Inspirational Personal

If Your Going to Call Me Crazy

February 13, 2018
…then it may as well be bat-shit crazy!

A couple of years ago I wrote the blog post “How to Make a Long-Distance Relationship Work,” as my mature, P.C. way of telling everyone that I was newly single because I found out, during a vacation in Southeast Asia, that my boyfriend was cheating on me. This was seriously the best thing that has ever happened to me! First, I have a bat-shit crazy story to tell, all of you to happily read it, an understanding of what I really wanted in a relationship, and important life lessons to teach. Therefore, if you are not interested in learning about the train wreck that led up to this break up, then stop reading now.

Disclaimer: Events have been slightly exaggerated (I am Latina after all). Also, names have been changed to protect the guilty; and trust me, they are guilty. I have screenshots!

For some background: I was living in Okinawa, Japan partaking in the Japan Exchange and Teaching (JET) Program, where I taught English classes at three Japanese elementary schools. Although I knew this would strain my seven-year relationship, I could not sacrifice my childhood dream of living in Japan. The eleven- year-old in me would have been disappointed if I had. Now, I know where your thoughts are going with long-distance relationships and break ups — inevitable, you say! However, don’t you think it would have been a lot easier to break up with someone who lives a billion miles away and who, subsequently, can’t key your car? I thought so too!

The summer after my first year in Japan, I travelled home in order to visit my loved ones. Everything with He Who Shall Not Be Named (HWSNBN) seemed all right until I was invited to a Tuesday Friends Night with friends he had made while I was away. Totally violating the #NoNewFriends rule, but whatever. Unsurprisingly, the women from the Tuesday Friends Night were absent and thus Red Flag #1.

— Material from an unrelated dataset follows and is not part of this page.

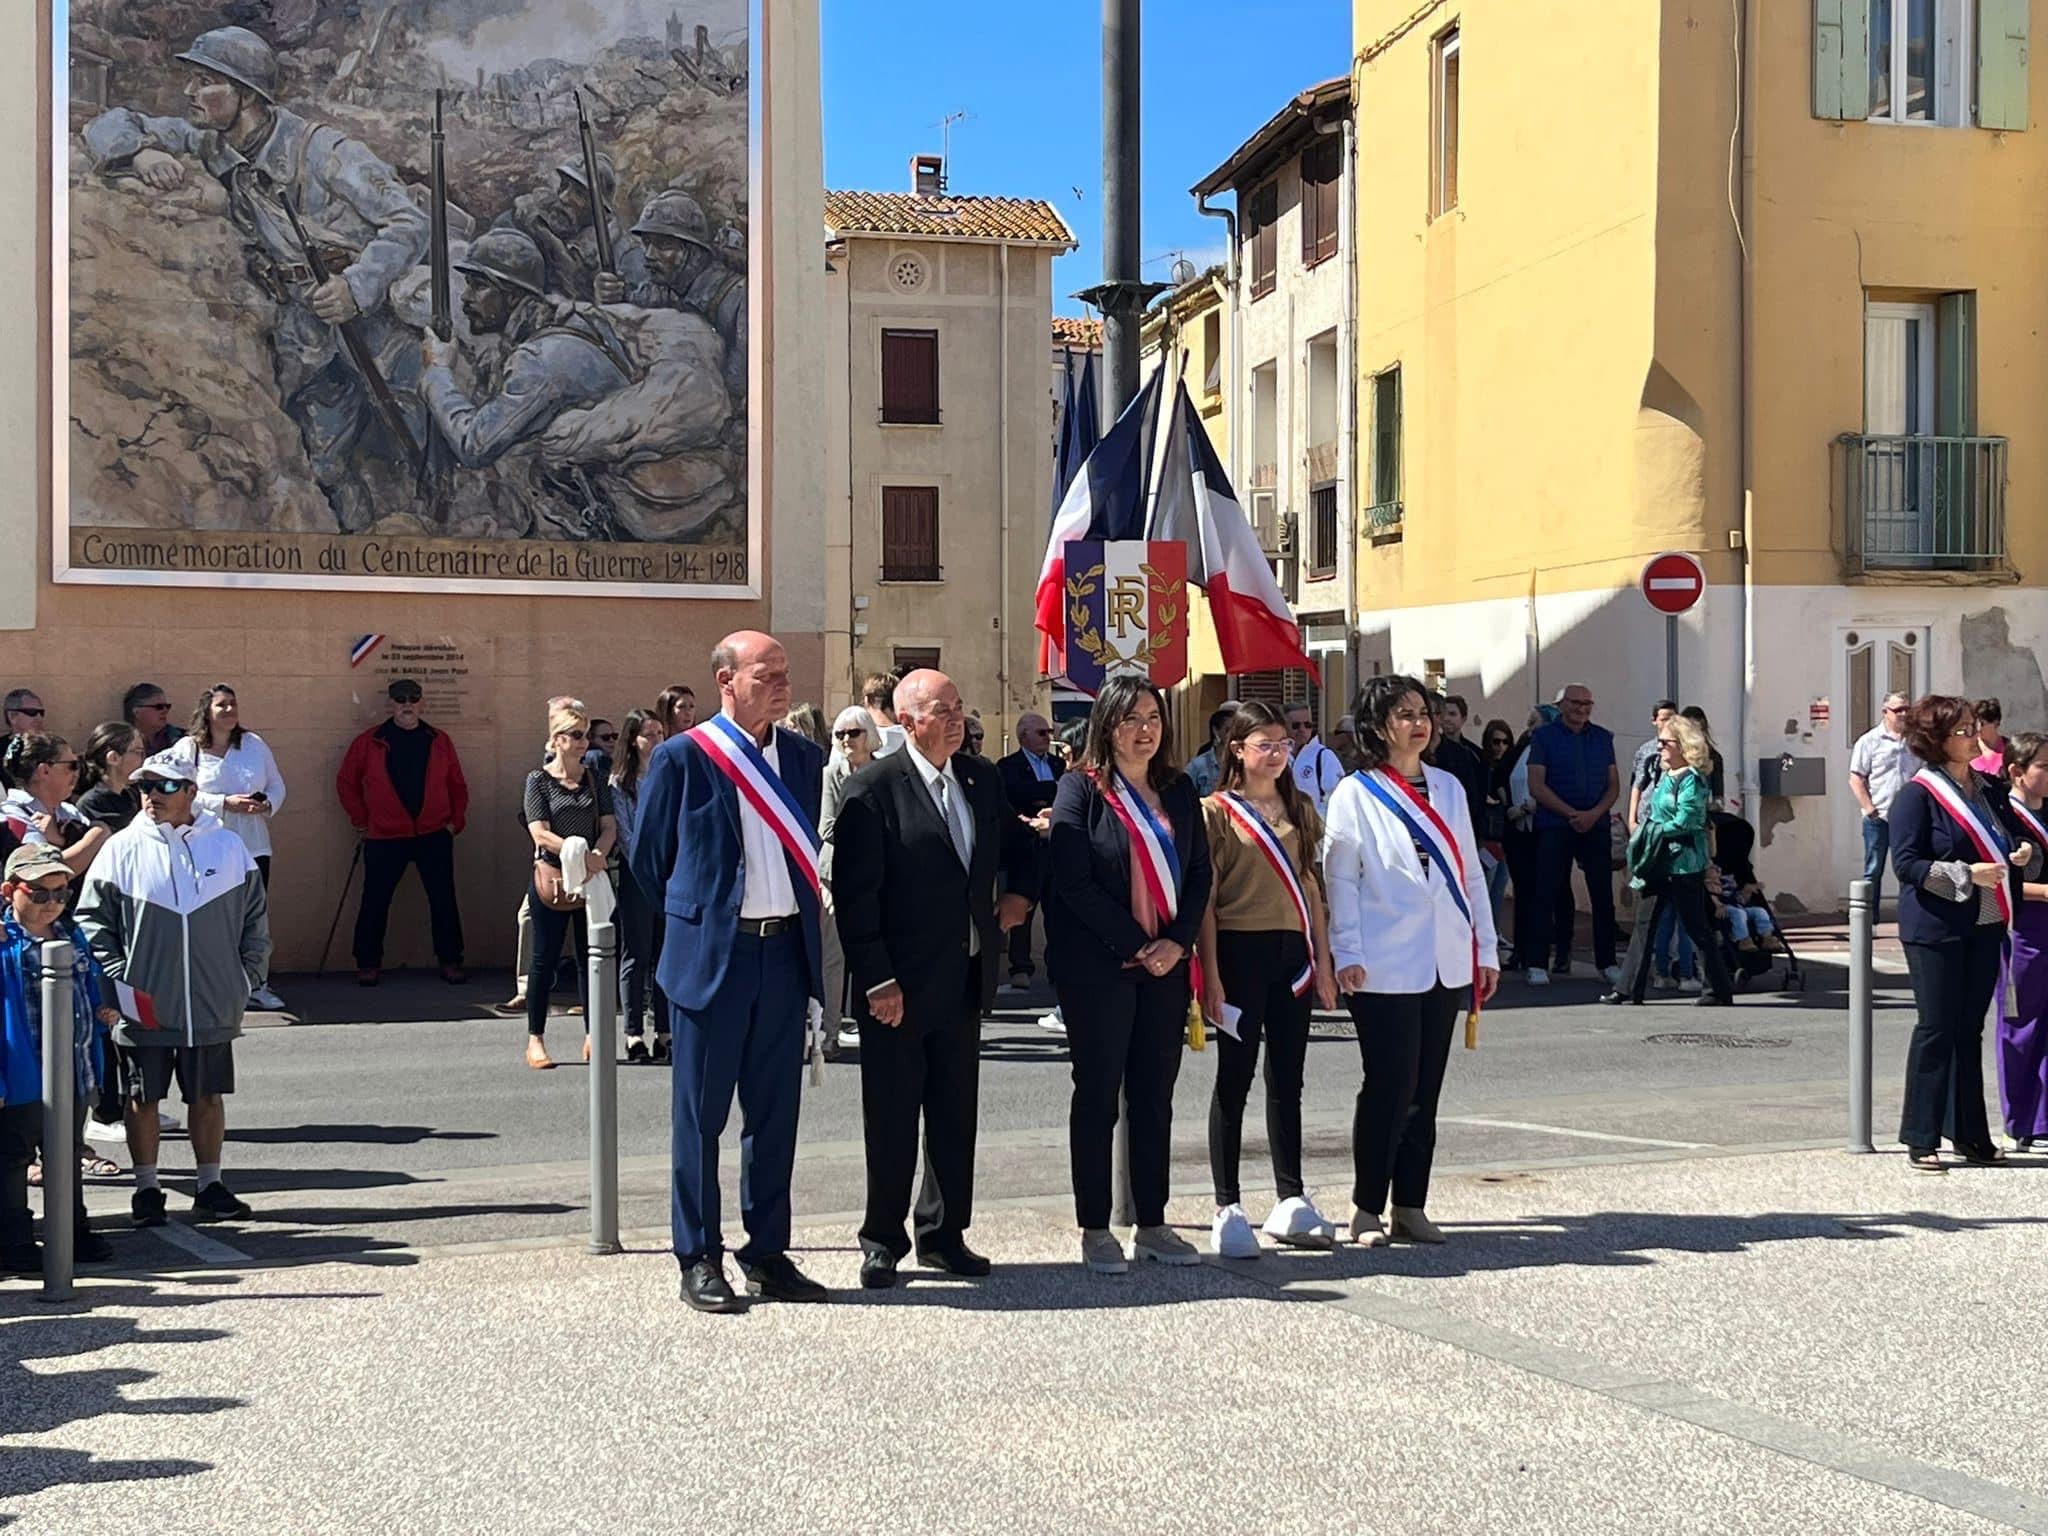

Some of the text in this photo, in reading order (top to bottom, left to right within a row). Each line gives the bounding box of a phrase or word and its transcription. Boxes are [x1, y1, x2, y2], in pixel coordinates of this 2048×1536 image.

The months following my return to Okinawa, got weird. First, he hid all of his photos from Facebook and changed his profile photo to the Japanesey Amazon Box Guy What was up with that? Oh, I know! It’s because I called him out on photo of his kickball league’s ice-skating day. The event didn’t bother me but there were an equal amount of men to women and posed as though they were couples. Thus, Red Flag #2.

Then, in early December, his phone died FOR TWO DAYS at an extra credit event at a local brewery. I particularly remember that moment because I took a 4-hour Japanese proficiently exam with full-blown anxiety. I spent most of the exam wondering if was taking the Greek proficiently exam while this come mierda sipped ales and pilsners.

Red Flags not raising any eyebrows? Well, he eventually deleted his Facebook account because of “rando friend requests and annoying messages from a group chat.” Really? Then, when he reinstated his Facebook, he changed his name to something slightly amiss (ex. “Jose Hernandez” into “Joe Hernz”). My response to all of this was, “What is it that you’re trying to hide because one way or another, I’ll find out.” Of course, I received the “you’re crazy” line and, like an idiot, believed it (life lessons, people).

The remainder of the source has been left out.